Ora veniamo al sesso. Molti di noi hanno bisogno di rivedere questo argomento. Abbiamo cercato innanzitutto di essere ragionevoli quando abbiamo iniziato a trattare questo problema, perché a volte è facile perdere ogni equilibrio in questo campo. Le opinioni degli uomini vanno da un estremo all'altro per quanto riguarda il sesso e a volte forse si assumono posizioni assurde. Alcuni sostengono che la sessualità è una concupiscenza della nostra natura animale, un'indispensabile esigenza in vista della procreazione. Poi ci sono quelli che esaltano il sesso e ne vorrebbero sempre più, disprezzano l'istituzione matrimoniale e sono convinti che gran parte dei problemi dell'umanità abbia la sua radice nel campo della sessualità. A sentire loro i rapporti sessuali sono troppo pochi o di tipo sbagliato, ne vedono le conseguenze dappertutto. Gli uni vorrebbero che le persone si astenessero sempre dai piaceri sessuali, per gli altri la sessualità dovrebbe pervadere tutto. Noi vogliamo restare fuori da questa , controversia, non vogliamo essere gli arbitri di nessuno per ciò che riguarda il sesso. Tutti abbiamo dei problemi sessuali, non saremmo uomini se non ne avessimo. Cosa possiamo fare a tale riguardo?

Abbiamo passato in rassegna la nostra condotta degli anni trascorsi.
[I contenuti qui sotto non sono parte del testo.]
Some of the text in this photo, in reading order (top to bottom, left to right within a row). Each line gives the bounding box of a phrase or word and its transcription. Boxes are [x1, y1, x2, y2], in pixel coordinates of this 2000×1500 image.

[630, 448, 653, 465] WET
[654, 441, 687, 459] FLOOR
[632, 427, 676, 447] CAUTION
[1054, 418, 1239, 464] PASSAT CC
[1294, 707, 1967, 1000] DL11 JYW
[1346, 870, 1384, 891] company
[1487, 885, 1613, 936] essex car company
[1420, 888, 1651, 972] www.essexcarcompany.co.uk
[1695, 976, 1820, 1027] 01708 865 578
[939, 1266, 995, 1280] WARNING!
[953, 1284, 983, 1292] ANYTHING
Quando siamo stati egoisti, disonesti e sconsiderati? A chi abbiamo fatto torto? Siamo stati la causa, senza un valido motivo, di gelosia, di amarezza e di sofferenza per altre persone? Quando abbiamo avuto torto in certe situazioni, come avremmo dovuto, invece, comportarci? Abbiamo scritto tutto, abbiamo classificato tutto e ci siamo messi a studiare il risultato.
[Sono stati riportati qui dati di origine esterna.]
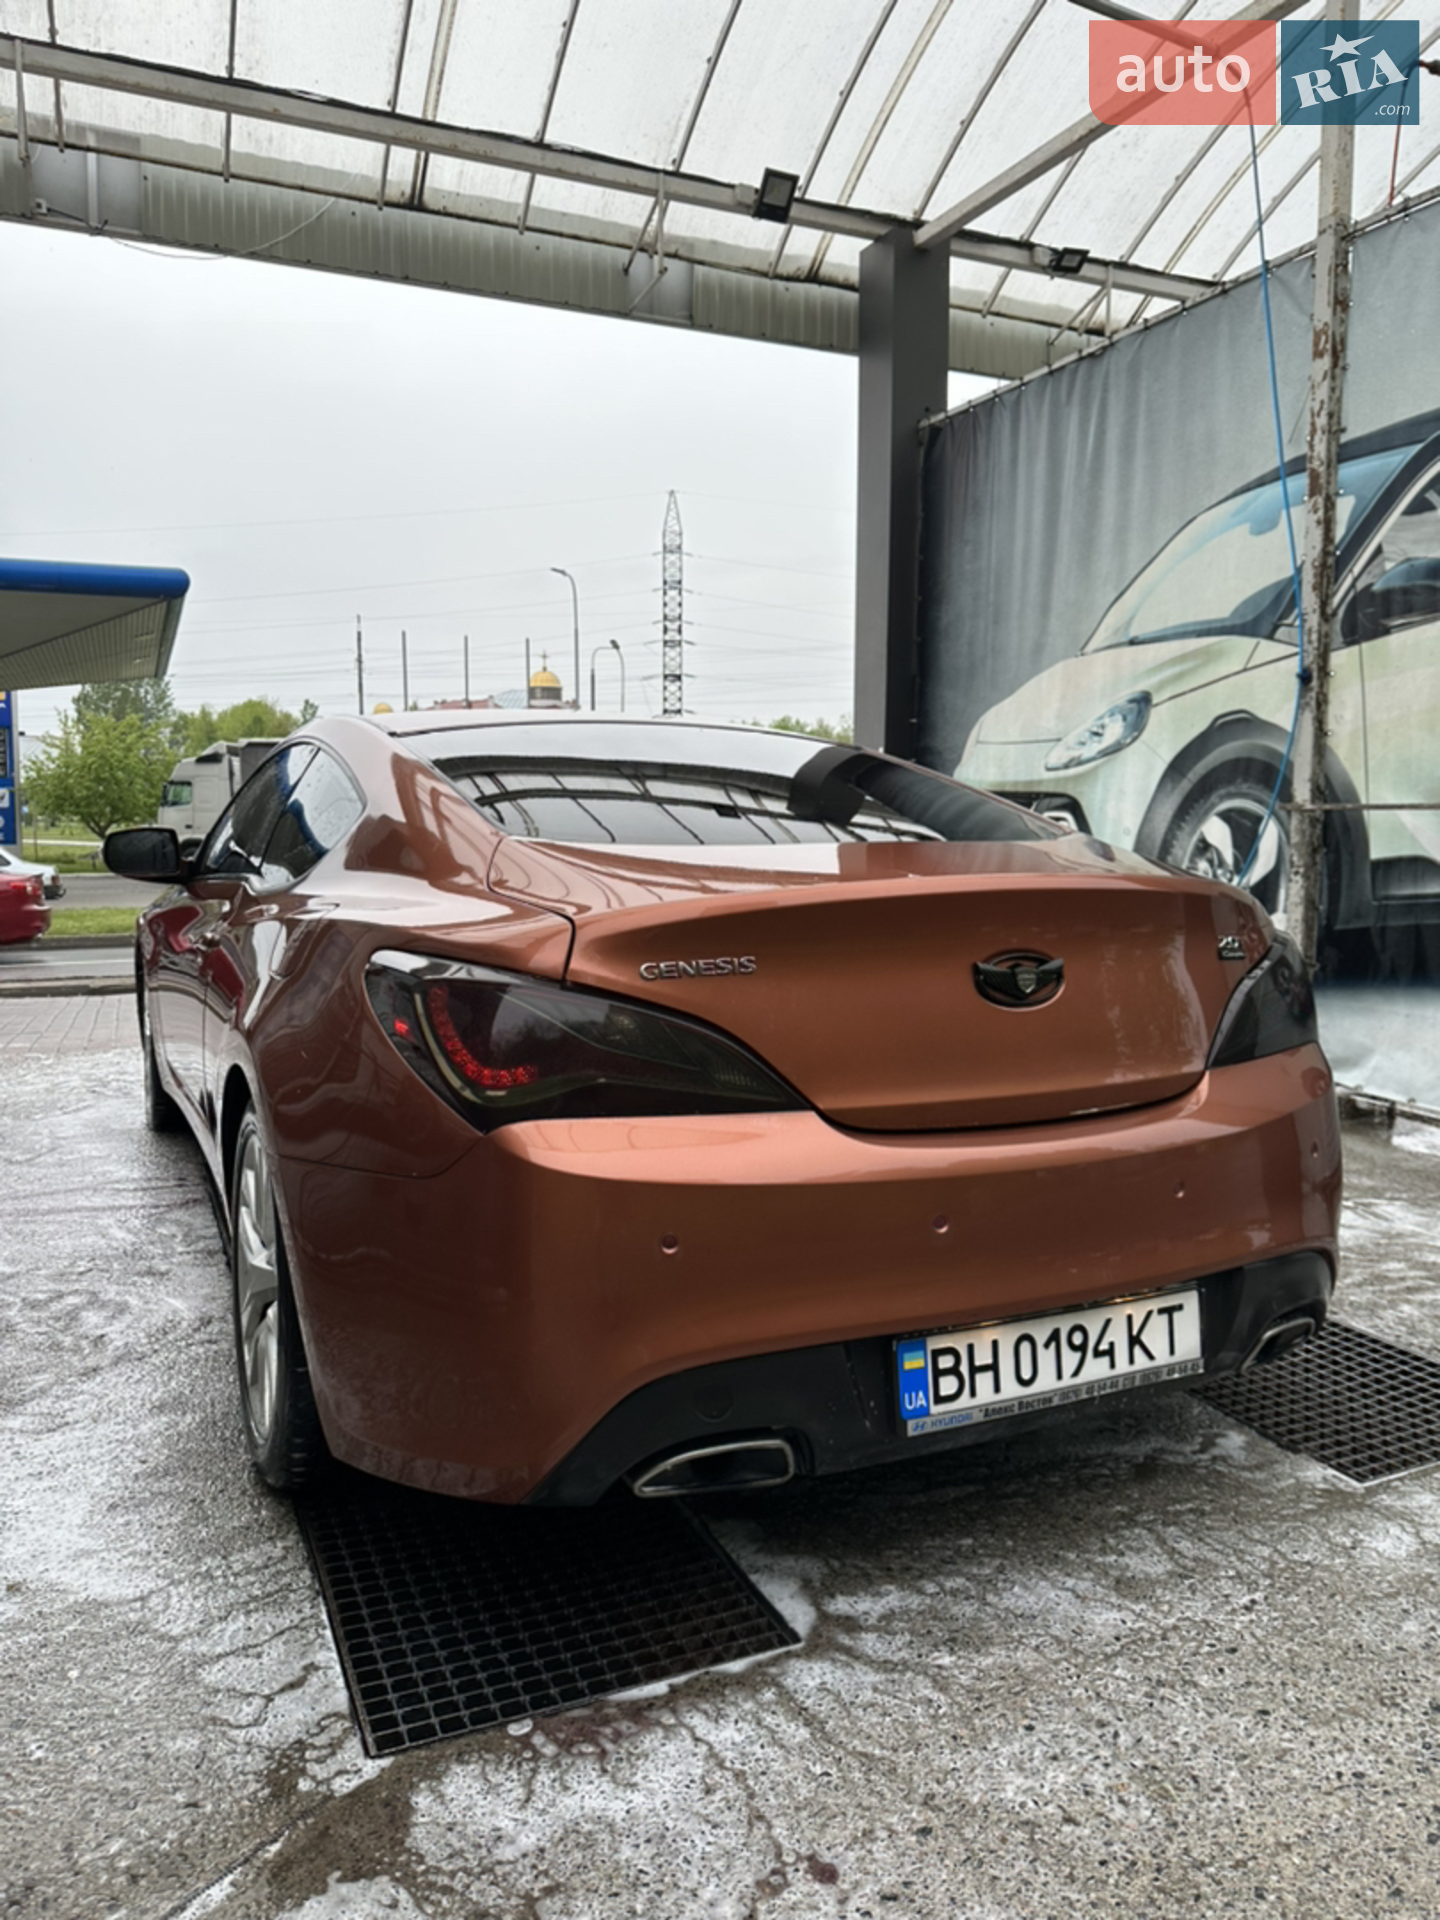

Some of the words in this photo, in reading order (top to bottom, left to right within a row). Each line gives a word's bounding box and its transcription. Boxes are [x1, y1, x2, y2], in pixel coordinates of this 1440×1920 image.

Così abbiamo tentato di abbozzare un piano per la nostra futura vita sessuale, che fosse logico e si dimostrasse sano. A ogni relazione che abbiamo riesaminato, abbiamo fatto seguire la domanda: "Sono stato egoista oppure no?". Abbiamo domandato a Dio di modellare i nostri ideali e di aiutarci a viverli. Ci siamo fissati bene in mente che la sessualità ci è stata data da Dio e che pertanto è cosa buona, ma che non dovevamo servircene in maniera superficiale ed egoista, né disprezzarla o rifiutarla.

Qualunque sia il nostro ideale, dobbiamo essere ben disposti a crescere in questa direzione. Dobbiamo essere pronti a riparare le offese che abbiamo arrecato, purché non arrechiamo un maggior danno nel fare ammenda. In altre parole, trattiamo il sesso come ogni altro problema. In meditazione chiediamo a Dio ciò che dovremmo fare in ogni circostanza. La risposta ci sarà data, se noi lo desideriamo.
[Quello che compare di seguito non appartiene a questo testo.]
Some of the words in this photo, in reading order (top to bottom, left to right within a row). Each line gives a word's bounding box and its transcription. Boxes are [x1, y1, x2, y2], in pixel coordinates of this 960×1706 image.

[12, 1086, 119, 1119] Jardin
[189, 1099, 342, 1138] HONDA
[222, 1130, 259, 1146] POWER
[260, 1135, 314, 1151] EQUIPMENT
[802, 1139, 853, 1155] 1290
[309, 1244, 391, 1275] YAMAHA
Dio solo può essere il giudice imparziale della nostra situazione in materia sessuale. Spesso è utile consultare delle persone, ma lasciamo a Dio il giudizio finale. Ci rendiamo conto che quando si tratta di questioni sessuali possiamo incontrare persone troppo rigorose o troppo indulgenti. Evitiamo le idee o il consiglio di persone isteriche.    (continua)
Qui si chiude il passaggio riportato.